Nous y sommes encore comme si, nous trois (le bien, le mal et moi…ou vous?), nous ne nous étions jamais quittés! Sans qu’on sache le but final de notre présence ici bas qui nous permettrait d’ajuster nos gestes ou intentions d’actions à nos paroles et à mieux tout faire en fonction du but final. Mais non, bande d’ignorants, on est tous là à agir à l’aveuglette, sans connaître la finalité, devant le mal et le bien qu’on fait ou qu’on défait ou qu’on refait sans trop de méfaits.
Je me suis vraiment fait prendre
C’est un peu ce que je me suis dit et, hier soir, encore une fois, je me suis fait prendre à vouloir seulement m’amuser et je me suis mis à y penser. Penser à quoi ? Au bien et au mal. Comme dans la pièce Faire le bien. C’est un mystère que la véritable portée de nos actions et paroles humaines et les conséquences morales qu’on en tire! L’avortement, par exemple, juste pour rire, pour une farce, pour voir si vraiment tu le voulais, tu sais…

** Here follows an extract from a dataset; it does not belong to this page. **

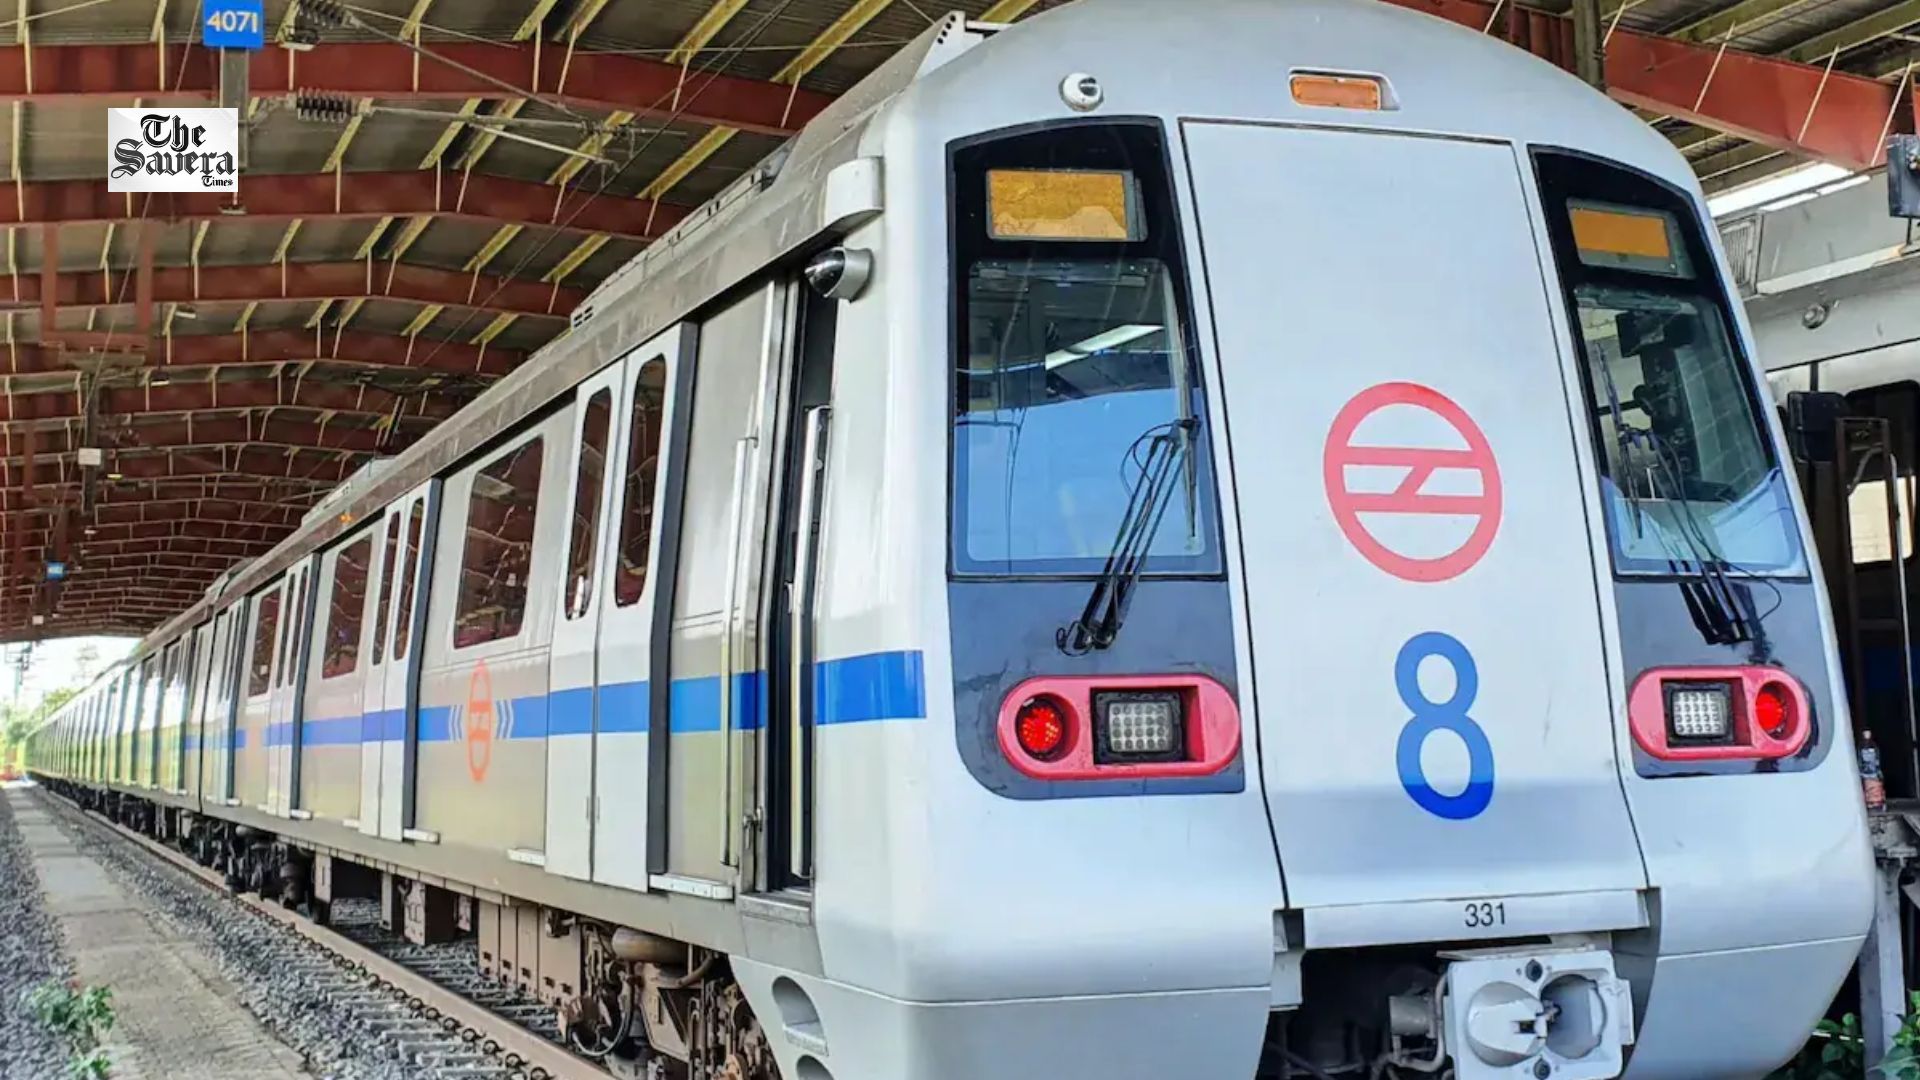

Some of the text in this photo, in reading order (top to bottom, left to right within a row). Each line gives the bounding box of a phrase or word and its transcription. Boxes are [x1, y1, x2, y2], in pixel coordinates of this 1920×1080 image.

[206, 10, 258, 33] 4071
[1395, 631, 1495, 820] 8
[1464, 901, 1506, 929] 331

Ça fait peur l’intelligence quand elle nous échappe
Non, je n’ai pas peur du sens. Je ne suis pas un peureux. Pour preuve, par pure bonne volonté, si je traduis mon titre, ici, en anglais (vous savez? vous connaissez le pouvoir des mots de cette langue si aimée, si parlée, si préférée et si choyée des lycéens dits francophiles dans nos instruites cours d’école non intimidantes? ) eh bien si je traduis (vous dites si je google-translate c’est bien comme ça qu’on dit?) mon titre, il me donne, malgré tout le mal que je me suis fait à le semer et l’égarer, ce maudit traducteur invisible automatique, il me donne bien: Even if we want to do good, we will end up knowing how to do evil. Non mais ça m’a fait trembler. Il m’a eu! Un invisible a réussi à voir ce que je voulais prétendre bien faire, en voulant le perdre dans la brume sur mes intentions, et il a trouvé, Lui. Lui, l’intelligent artificieux mal semé par l’idiot que je suis.
Eurékà?
Ce n’est pas pour mal faire mais mon titre a voulu poser un grand défi à l’Intelligence artificielle (ou plutôt artificieuse?) de laquelle on prédit qu’Elle se croira, sous peu, progressivement déifiable et mieux capable de bientôt tout voir, tout comprendre, tout surmonter! Pour notre bien, bien entendu…même si le Mal est pavé de bonnes intentions. La pièce, de manière allusive, virevolte autour de ça pendant une heure quarante-cinq. Nos bien beaux malicieux artifices.
Une multitude de grands moments évocateurs
Pour moi qui me suis cassé la tête à lire, au moins douze fois, en soulignant, surlignant, commentant de marginalias multicolores et désormais décoratifs ce recommandable fameux splendide et éloquent Discours sur l’origine et les fondements de l’Inégalité parmi les Hommes de Jean-Jacques Rousseau, la pièce Faire le bien m’y a ramené. Décrété de prise de corps pour avoir publié coup sur coup, en deux jours, le Contrat Social et un révolutionnaire traité d’éducation des enfants POUR LE BIEN DE L’HUMANITÉ, Rousseau errera sous un faux nom, pourchassé dix ans de temps parce qu’il voulut l’affranchissement, l’égalité des citoyens, la liberté de la pensée, en somme il a attaqué la tyrannie bourbone.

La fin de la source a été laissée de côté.